Common Data Visualizations¶
Tables¶
Suppose you want to see the 5 biggest penguins.
penguins.sort_values("body_mass_g", ascending=False).iloc[:5,:]
Table Tips:
- Think about row and column ordering
- Label columns and rows well (clear but concise).
- Uniform precision, right-justified numbers.
- Sometimes: bold or emphasize max or min values in a column
p = penguins.rename(columns={"species": "Species", "island": "Island",
"bill_length_mm": "Bill Length (mm)","bill_depth_mm": "Bill Depth (mm)",
"flipper_length_mm": "Flipper Length (mm)", "body_mass_g": "Body Mass (g)",
"sex": "Sex"})
p = p[["Species", "Island", "Sex", "Body Mass (g)", "Bill Length (mm)", "Bill Depth (mm)", "Flipper Length (mm)"]]
p.sort_values("Body Mass (g)", ascending=False).iloc[:5,:]
Dot plots, Line Plots¶
Conceptually (but not technically) different from a scatter plot, in that $x$ values are assumed to be ordered.
mpg
mpg_year = mpg.groupby("model_year")[["mpg"]].mean()
mpg_year
No connected dots - technically the same as a scatter plot.
sns.relplot(x="model_year", y="mpg", kind="scatter", data=mpg_year)
Connect the dots: now you have a line plot:
sns.relplot(x="model_year", y="mpg", kind="line", data=mpg_year)
Seaborn does sensible things if you have multiple datapoints per $x$ value:
sns.relplot(x="model_year", y="mpg", kind="line", data=mpg)
Exercise: when should you connect the dots?
Box and whisker plots¶
sns.boxplot(x="species", y="body_mass_g", data=penguins)
Exercise: Of the ones we've discussed so far (table, dot/line, box and whisker), which kind of visualization would you use to illustrate each of the following?
- The number of cars per model year in the MPG dataset
- The distribution of each penguin body measurement, independent of species.
- The centrality and variability of each penguin body measurement per species.
Scatter plots¶
sns.relplot(data=penguins, x="flipper_length_mm", y="bill_length_mm", hue="species")
Bar/column plots and (usually not) pie charts¶
sns.catplot(x="species", data=penguins, kind="count")
sns.catplot(x="species", data=penguins, kind="count", col="island")
sns.catplot(x="species", data=penguins, kind="count")
Histograms¶
sns.displot(penguins, x="flipper_length_mm")

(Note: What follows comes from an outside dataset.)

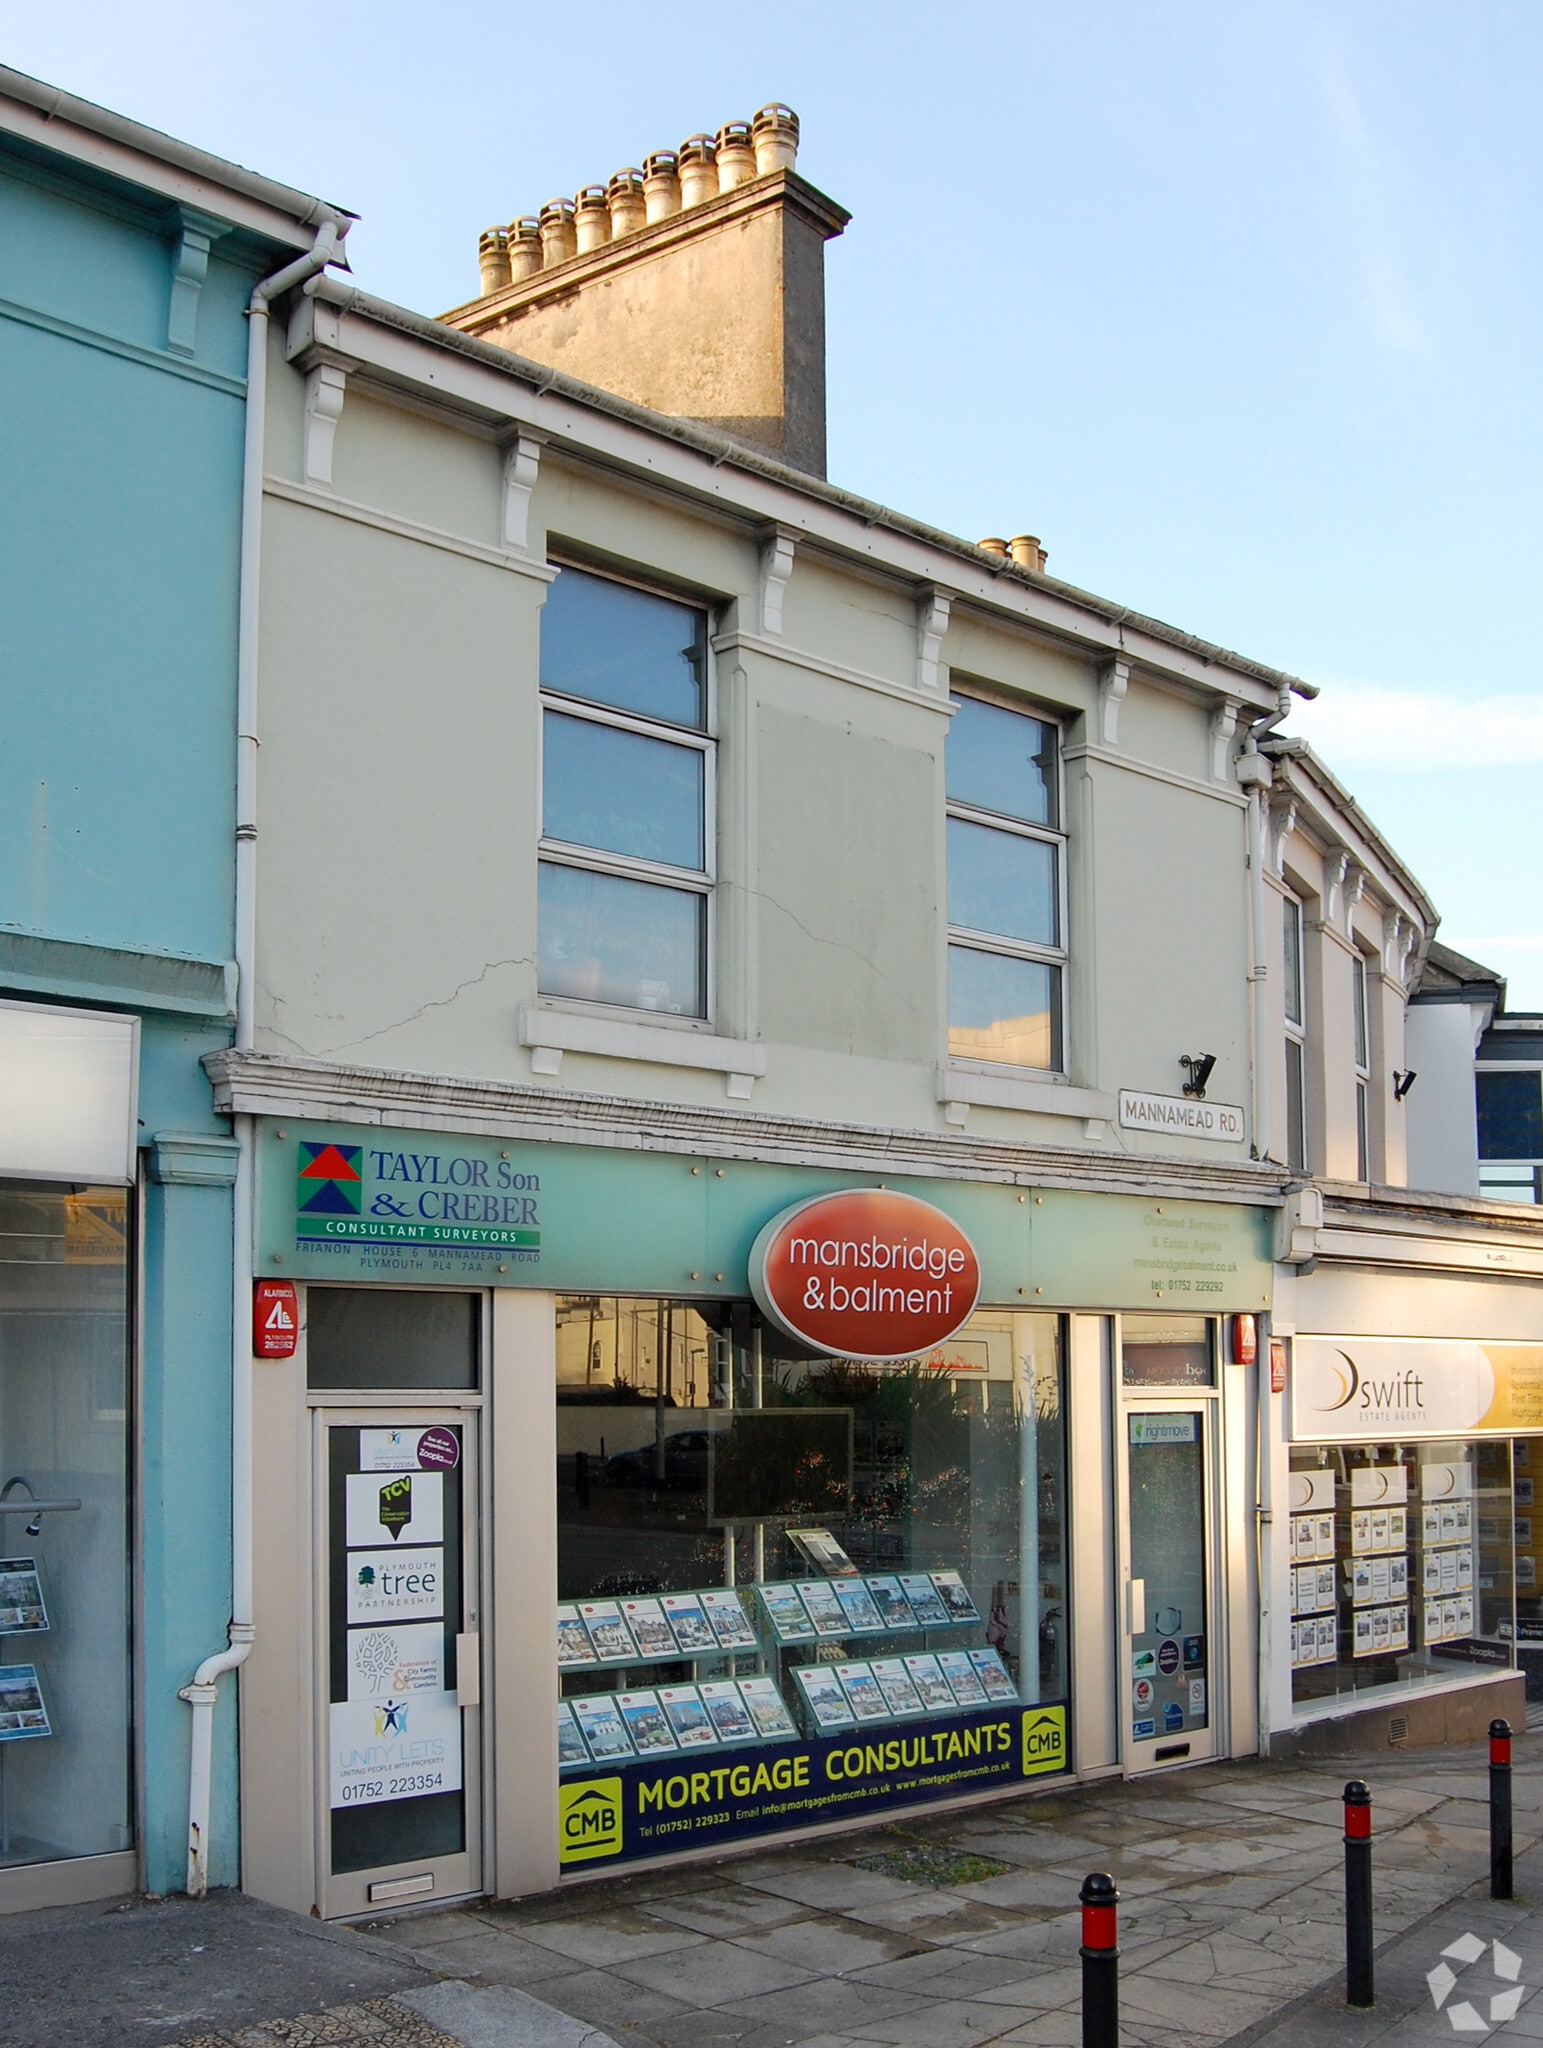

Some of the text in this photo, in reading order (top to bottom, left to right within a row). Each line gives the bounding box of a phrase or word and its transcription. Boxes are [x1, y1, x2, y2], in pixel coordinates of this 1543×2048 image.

sns.displot(penguins, x="flipper_length_mm", stat='density')
sns.displot(penguins, x="flipper_length_mm", col='species')
sns.displot(penguins, x="flipper_length_mm", hue="species", stat="density")
sns.displot(penguins, x="flipper_length_mm", hue="species", col="island")
sns.displot(penguins, x="flipper_length_mm", hue="species", col="island", kde='True')
sns.jointplot(x="bill_length_mm", y="bill_depth_mm", data=penguins, kind='hex')
fmri[fmri["subject"]=="s0"].sort_values(by="timepoint")
Exercise: Of the ones we've discussed so far (table, dot/line, box and whisker), which kind of visualization would you use to illustrate each of the following?
- Average signal per subject in the fmri dataset.
- The signal over time for each event type in patient 0, regardless of region.
- The distribution of bill lengths for Adelie penguins.
A helpful figure from the book:

Additional Practice: Download L06_exit.ipynb and add code to make one or more plots visualizing the response data.